A new Tony Award will be given annually to a theater teacher who has made a “monumental impact” on the lives of students, executives who oversee the Tonys and officials at Carnegie Mellon University announced on Sunday. The honor is intended to reflect the appreciation that many Tony winners — actors, writers, directors — have expressed for drama teachers who guided or inspired them. The award is the first new Tony since 2009. Through March 31, anyone can nominate a teacher for the new Excellence in Theater Education Award. Nominees must be current teachers at an accredited elementary, middle or high school or community theater organization in the United States. (College professors and retired teachers are not eligible.) A panel of judges comprising members of the American Theater Wing and the Broadway League, which oversee the Tonys, and Carnegie Mellon officials and theater industry executives will choose the winner, who will receive the award onstage at the annual Tonys ceremony in June.
If Governor Cuomo and Regents Chancellor Tisch get their way, a teacher in NY State will have 40% of their annual performance rating based on how well their students do on state standardized exams.
If the teacher is deemed "ineffective" on that 40% component of the APPR evaluation system based upon student test scores, they must be declared "ineffective" overall as teachers.
Notice the language for the new Tony award:
A new Tony Award will be given annually to a theater teacher who has made a “monumental impact” on the lives of students.

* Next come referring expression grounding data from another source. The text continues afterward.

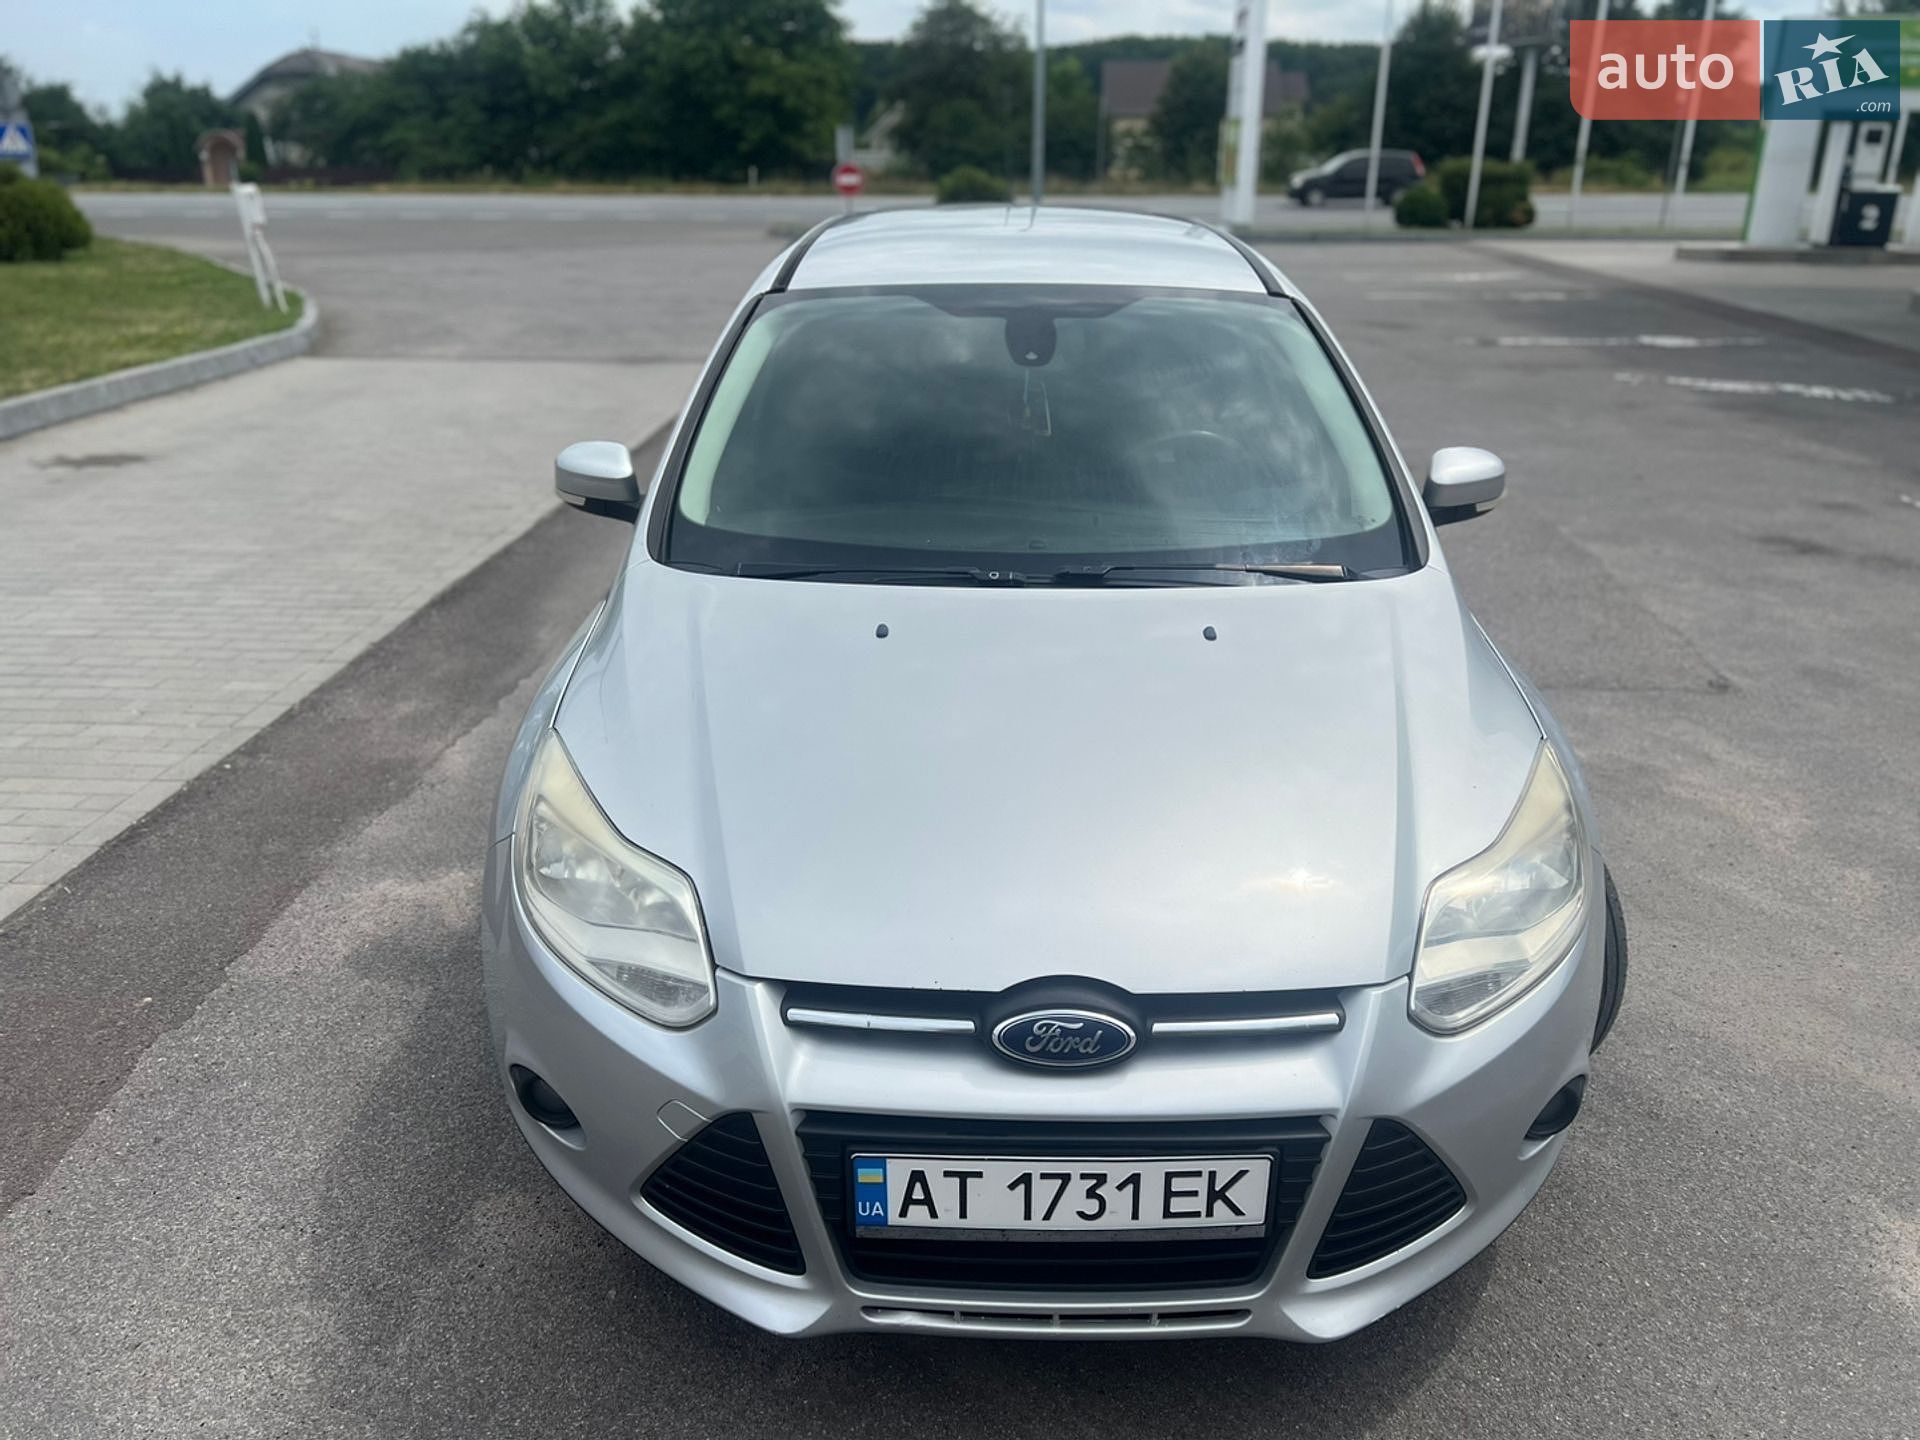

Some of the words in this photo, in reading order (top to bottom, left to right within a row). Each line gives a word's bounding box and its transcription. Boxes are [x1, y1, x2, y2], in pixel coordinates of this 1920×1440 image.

[1025, 1019, 1103, 1054] Ford
[857, 1202, 884, 1216] UA
[898, 1170, 984, 1220] AT
[1007, 1172, 1141, 1221] 1731
[1162, 1169, 1250, 1219] EK
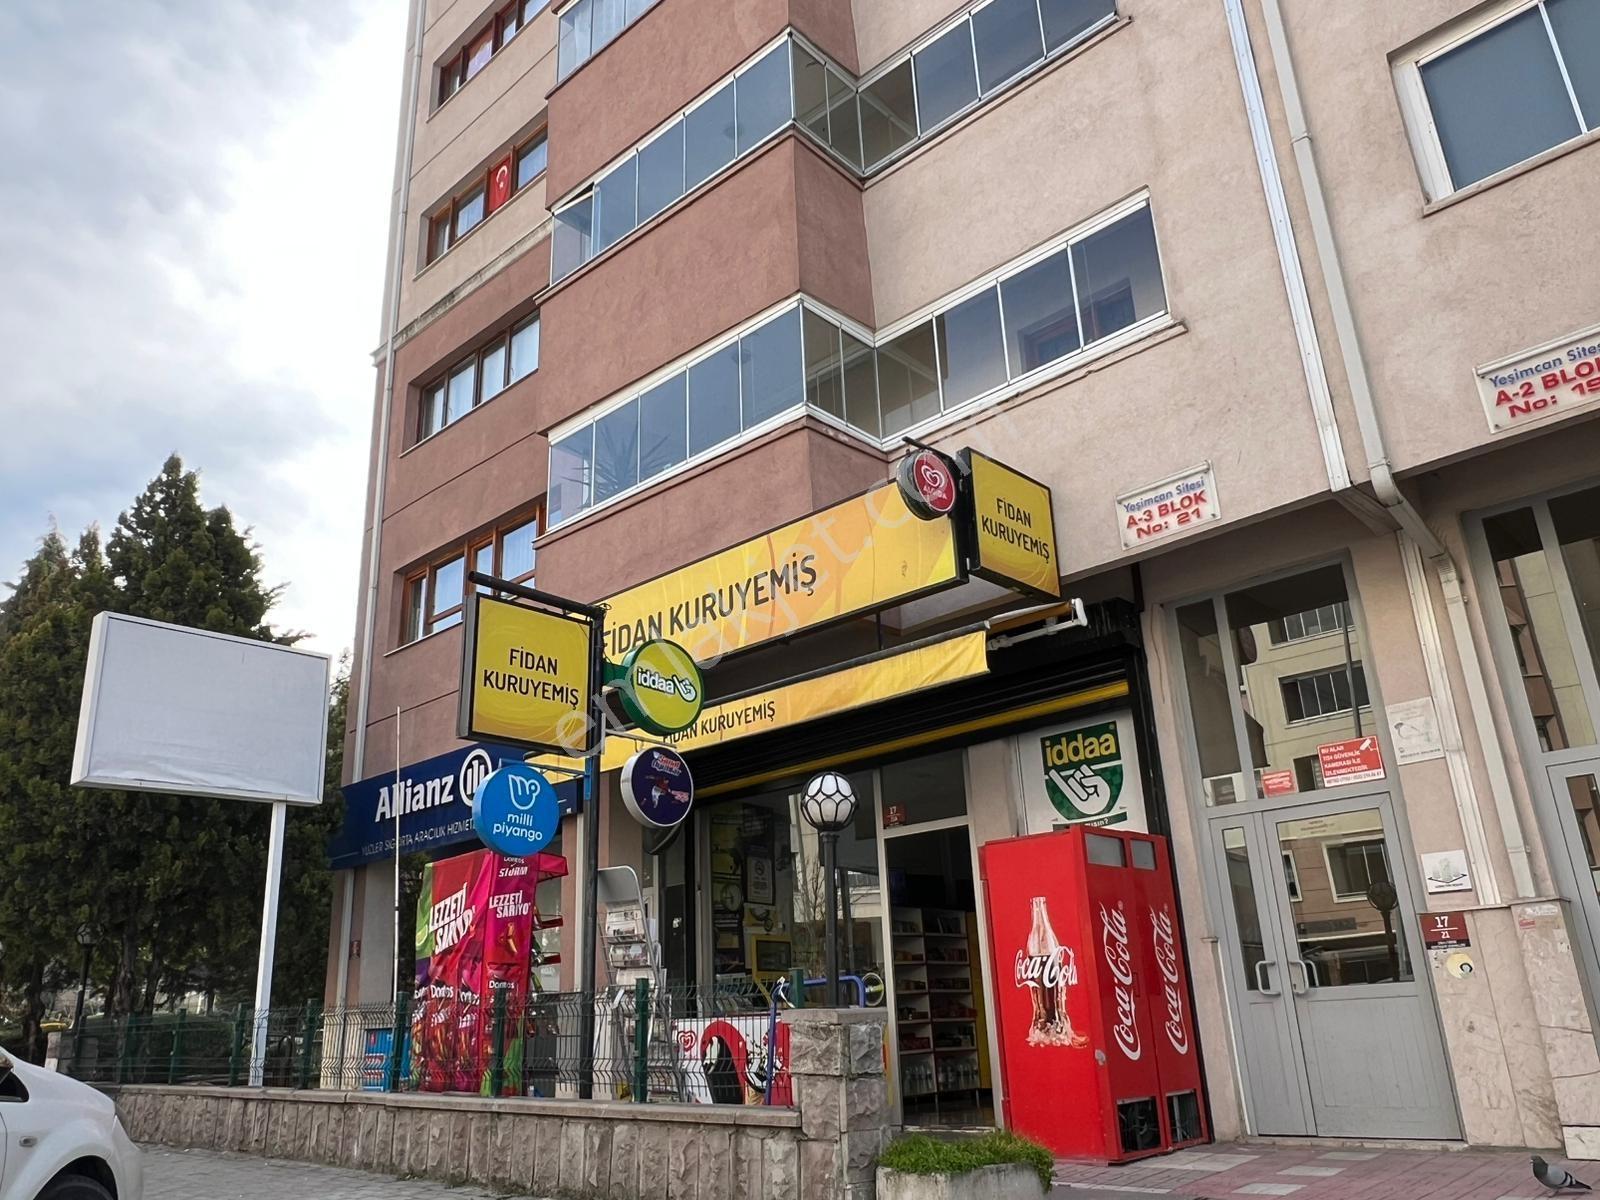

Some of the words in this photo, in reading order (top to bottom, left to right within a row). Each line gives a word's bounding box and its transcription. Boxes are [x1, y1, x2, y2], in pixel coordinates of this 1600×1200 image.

[1489, 357, 1563, 387] Yeşimcan
[1496, 381, 1535, 407] A-2
[1508, 394, 1557, 418] No:
[1123, 490, 1173, 513] Yeşimcan
[1175, 476, 1205, 496] Sitesi
[1126, 509, 1153, 529] A-3
[1157, 490, 1207, 518] BLOK
[996, 497, 1032, 529] FİDAN
[1136, 521, 1169, 539] No:
[1176, 508, 1202, 526] 21
[981, 515, 1050, 564] KURUYEMİŞ
[669, 552, 817, 636] KURUYEMİŞ
[508, 645, 558, 676] FİDAN
[483, 669, 580, 710] KURUYEMİŞ
[637, 667, 675, 695] iddaa
[701, 698, 776, 736] KURUYEMİŞ
[1045, 732, 1117, 768] iddaa
[374, 774, 454, 823] Allianz
[492, 823, 543, 842] piyango
[507, 812, 533, 827] milli
[1434, 916, 1449, 928] 17
[1014, 945, 1079, 988] Coca-Cola
[1099, 900, 1141, 1061] Coca-Cola
[1149, 904, 1189, 1055] Coca-Cola

Nothing there about adding value to their test scores.
How can the executives who oversee the Tonys dare to create a new Tony Award for educators without adding a test score component?
Given the importance of test scores as hailed by Cuomo, Tisch, Secretary of Education Privatization Arne Duncan and countless other education reformers, shouldn't the executives who oversee the Tonys amend the language for the new Tony Award for Teachers to say
A new Tony Award will be given annually to a theater teacher who has made a “monumental impact” on the lives of students and raised their test scores.
I mean, so long as we're talking "monumental impact" on students, how can we not be talking about test scores?